_PROBLEM REQUIREMENTS_: Once the pictures have been set aside, copy every remaining entry exactly.

(Collected data)
******************************
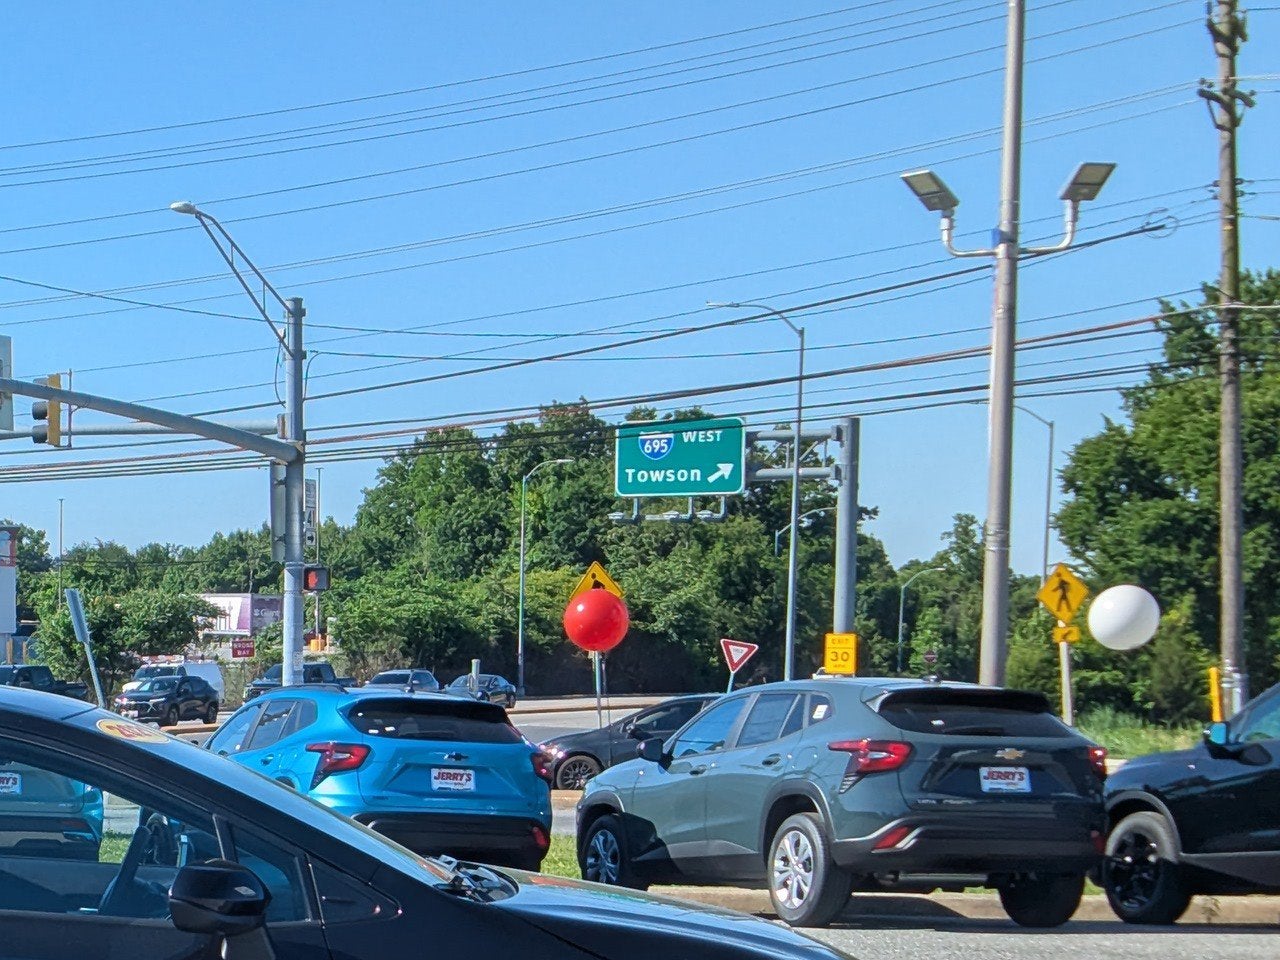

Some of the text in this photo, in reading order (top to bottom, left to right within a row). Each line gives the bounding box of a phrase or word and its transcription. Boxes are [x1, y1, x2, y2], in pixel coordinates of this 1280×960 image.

[681, 430, 723, 443] WEST
[644, 439, 669, 454] 695
[624, 468, 701, 483] Towson
[830, 651, 850, 662] 30
[433, 771, 472, 783] JERRY'S
[982, 770, 1025, 782] JERRY'S
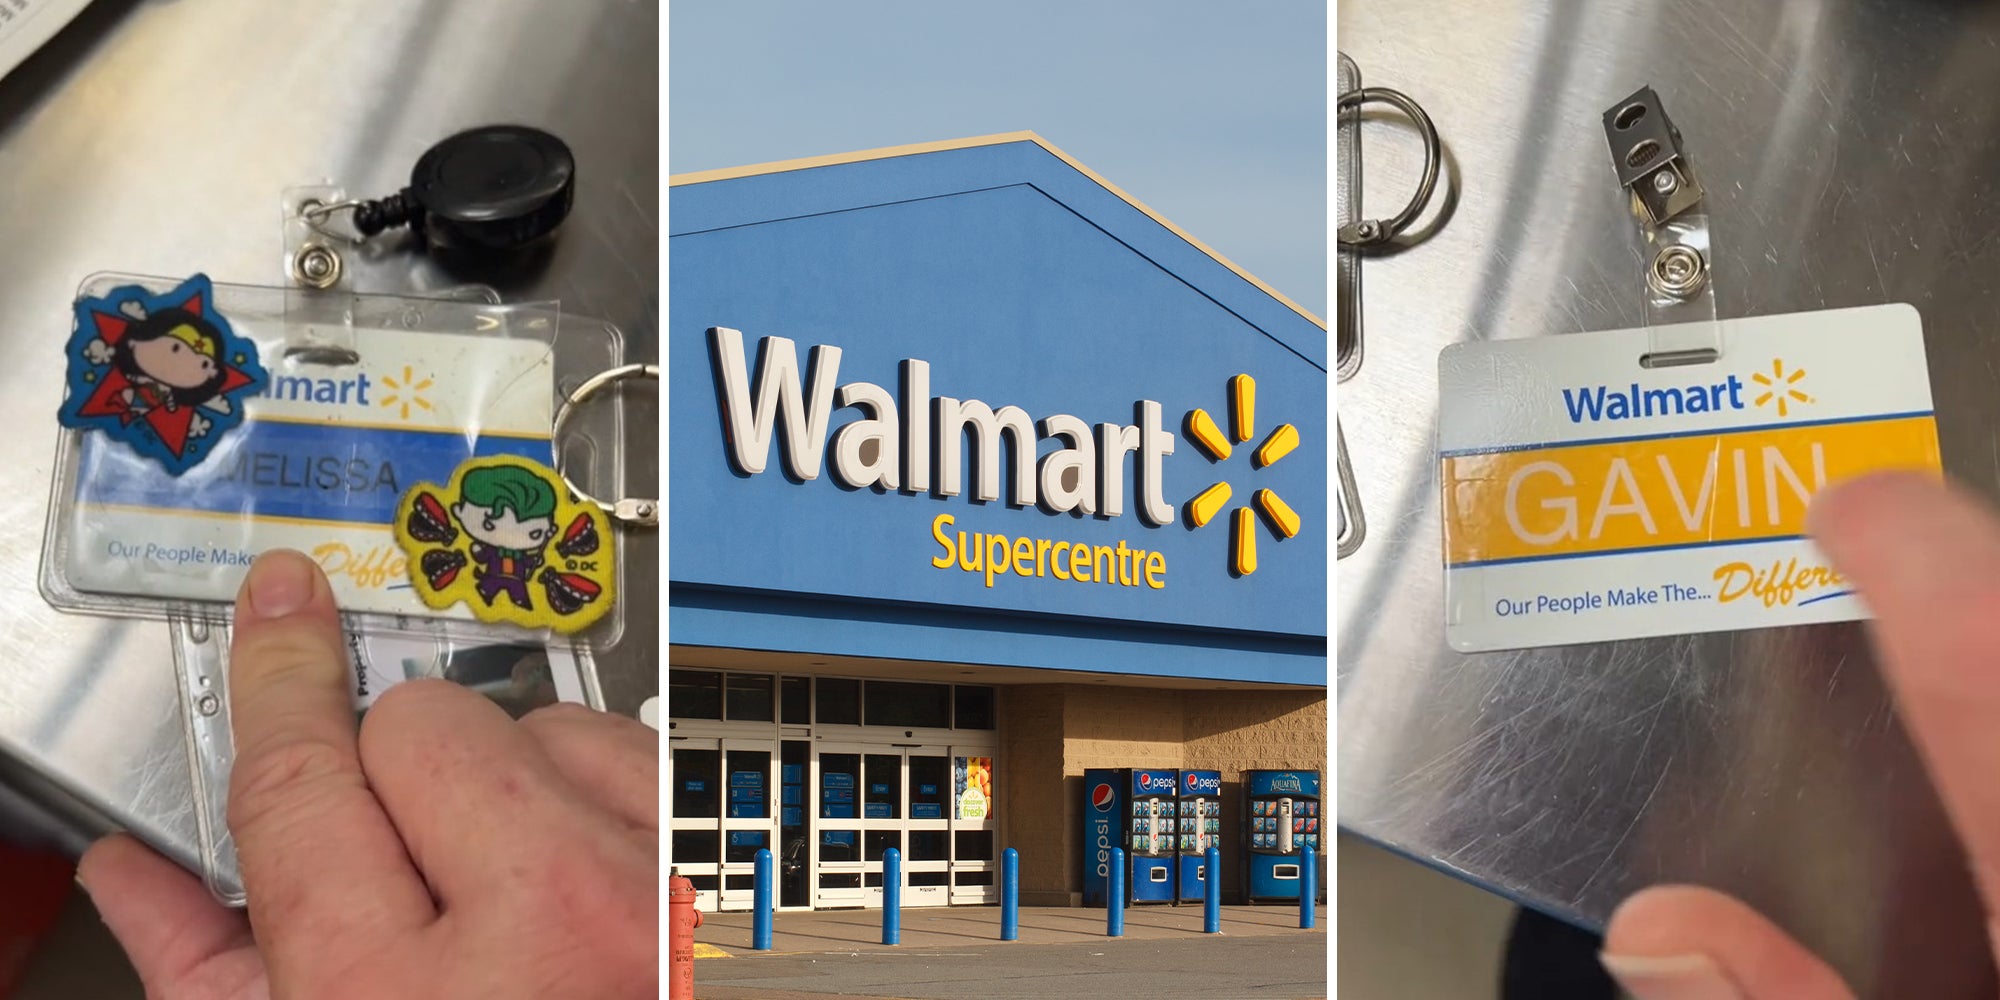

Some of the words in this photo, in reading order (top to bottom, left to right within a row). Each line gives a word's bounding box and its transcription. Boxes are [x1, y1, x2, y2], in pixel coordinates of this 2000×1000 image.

[262, 368, 371, 406] lmart
[1562, 374, 1745, 424] Walmart
[706, 327, 1174, 527] Walmart
[220, 453, 399, 494] MELISSA
[1503, 442, 1826, 546] GAVIN
[107, 540, 140, 558] Our
[144, 543, 206, 564] People
[312, 542, 407, 589] Diffe
[580, 561, 599, 572] DC
[931, 513, 1167, 590] Supercentre
[1495, 599, 1532, 617] Our
[1537, 590, 1602, 614] People
[1607, 588, 1659, 607] Make
[1661, 583, 1711, 602] The...
[1152, 776, 1176, 790] pepsi
[963, 806, 984, 817] fresh
[1095, 819, 1111, 877] pepsi
******************************
_SOLUTION TO THIS PROBLEM_:
Some of the text in this photo, in reading order (top to bottom, left to right within a row). Each line gives the bounding box of a phrase or word and its transcription. Boxes are [x1, y1, x2, y2], in pixel coordinates of this 1280×960 image.

[681, 430, 723, 443] WEST
[644, 439, 669, 454] 695
[624, 468, 701, 483] Towson
[830, 651, 850, 662] 30
[433, 771, 472, 783] JERRY'S
[982, 770, 1025, 782] JERRY'S

Some of the words in this photo, in reading order (top to bottom, left to right within a row). Each line gives a word's bounding box and its transcription. Boxes are [x1, y1, x2, y2], in pixel coordinates of this 2000×1000 image.

[262, 368, 371, 406] lmart
[1562, 374, 1745, 424] Walmart
[706, 327, 1174, 527] Walmart
[220, 453, 399, 494] MELISSA
[1503, 442, 1826, 546] GAVIN
[107, 540, 140, 558] Our
[144, 543, 206, 564] People
[312, 542, 407, 589] Diffe
[580, 561, 599, 572] DC
[931, 513, 1167, 590] Supercentre
[1495, 599, 1532, 617] Our
[1537, 590, 1602, 614] People
[1607, 588, 1659, 607] Make
[1661, 583, 1711, 602] The...
[1152, 776, 1176, 790] pepsi
[963, 806, 984, 817] fresh
[1095, 819, 1111, 877] pepsi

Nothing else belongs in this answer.